Anyway, I recently read Percy's interview with himself. Here is an excerpt I found particularly profound:

Q. How is such a belief possible in this day and age?
A: What else is there?

Q: What do you mean, what else is there? There is humanism, atheism, agnosticism, Marxism, behaviorism, materialism, Buddhism, Muhammadism, Sufism, astrology, occultism, theosophy.
A: That's what I mean.

Q: To say nothing of Judaism and Protestantism.
A: Well, I would include them along with the Catholic Church in the whole peculiar Jewish-Christian thing.

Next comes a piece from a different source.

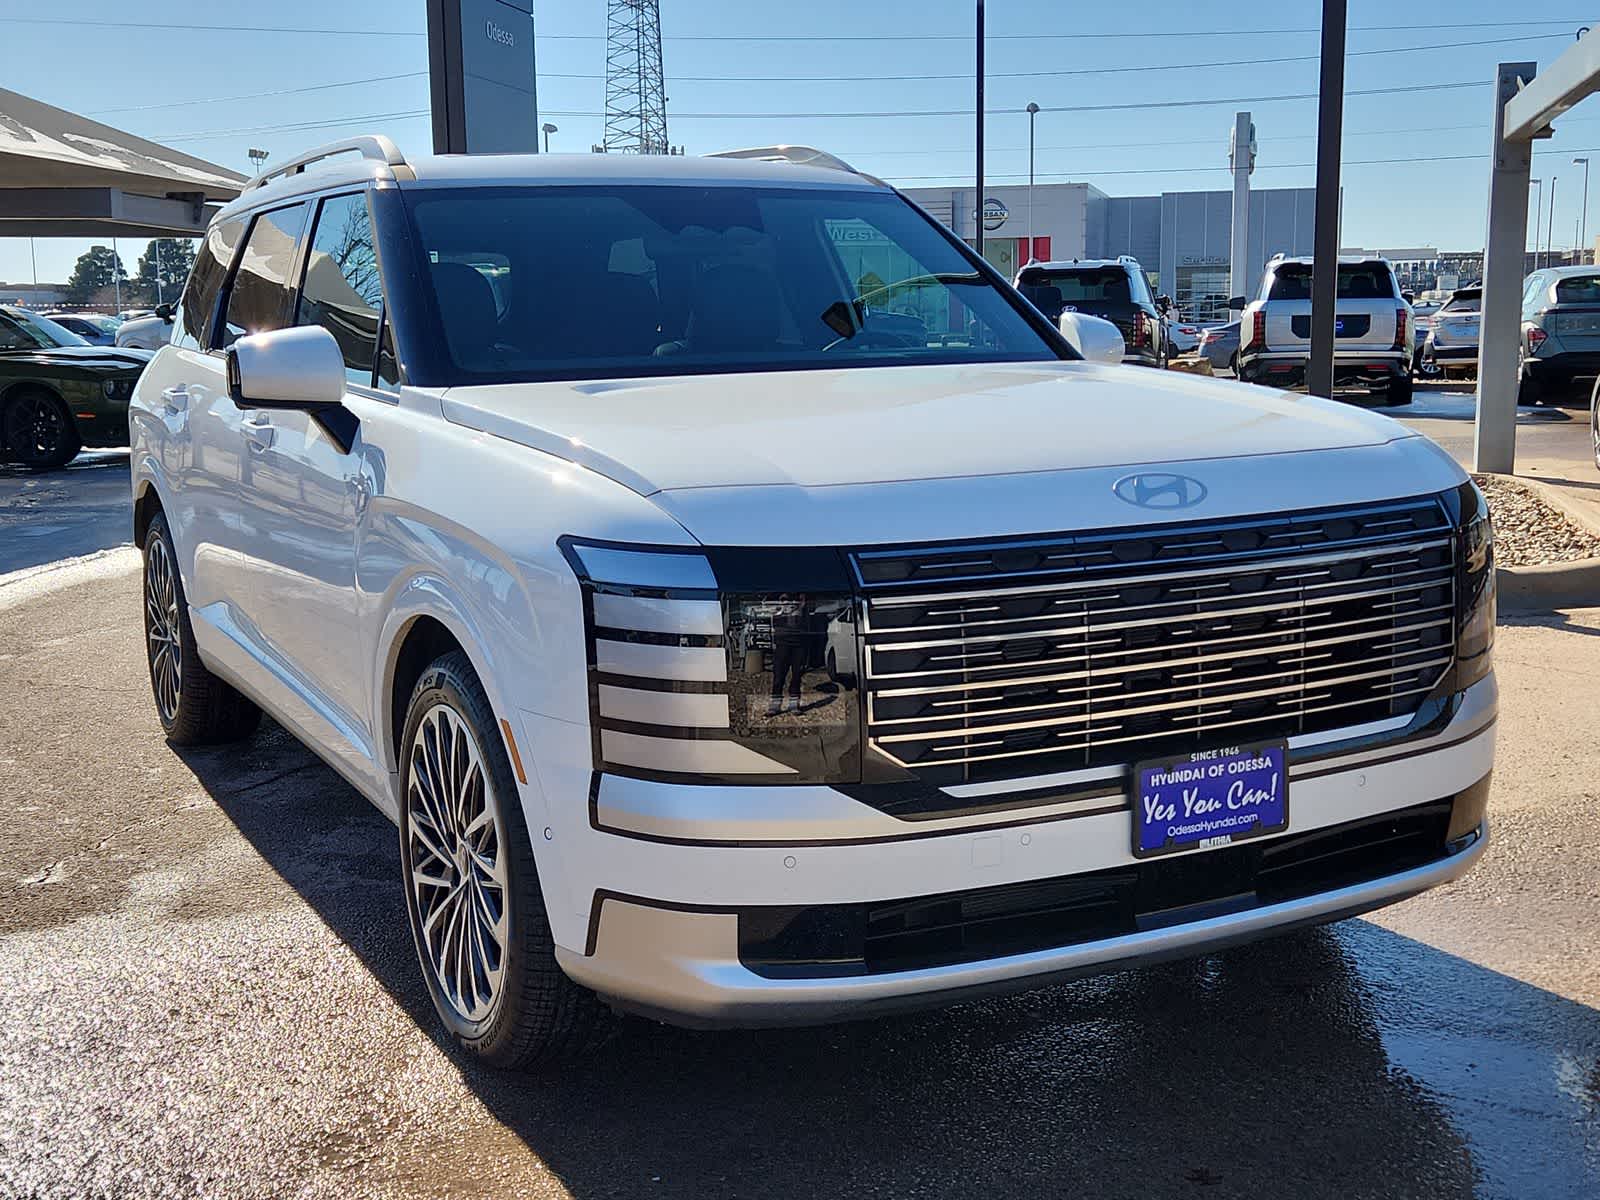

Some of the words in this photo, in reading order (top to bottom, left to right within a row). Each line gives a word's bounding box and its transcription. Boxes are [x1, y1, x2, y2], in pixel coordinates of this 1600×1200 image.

Q: I don't understand. Would you exclude, for example, scientific humanism as a rational and honorable alternative?
A: Yes.

Q: Why?
A: It's not good enough.

Q: Why not?
A: This life is much too much trouble, far too strange, to arrive at the end of it and then to be asked what you make of it and have to answer "Scientific Humanism." That won't do. A poor show. Life is a mystery, love is a delight. Therefore I take it as axiomatic that one should settle for nothing less than the infinite mystery and the infinite delight, i.e. God. In fact, I demand it. I refuse to settle for anything less. I don't see why anyone should settle for less than Jacob, who actually grabbed aholt of God and wouldn't let go until God identified himself and blessed him.

Q: Grabbed aholt?
A: Louisiana expression.

Do people have a tendency to dump on you?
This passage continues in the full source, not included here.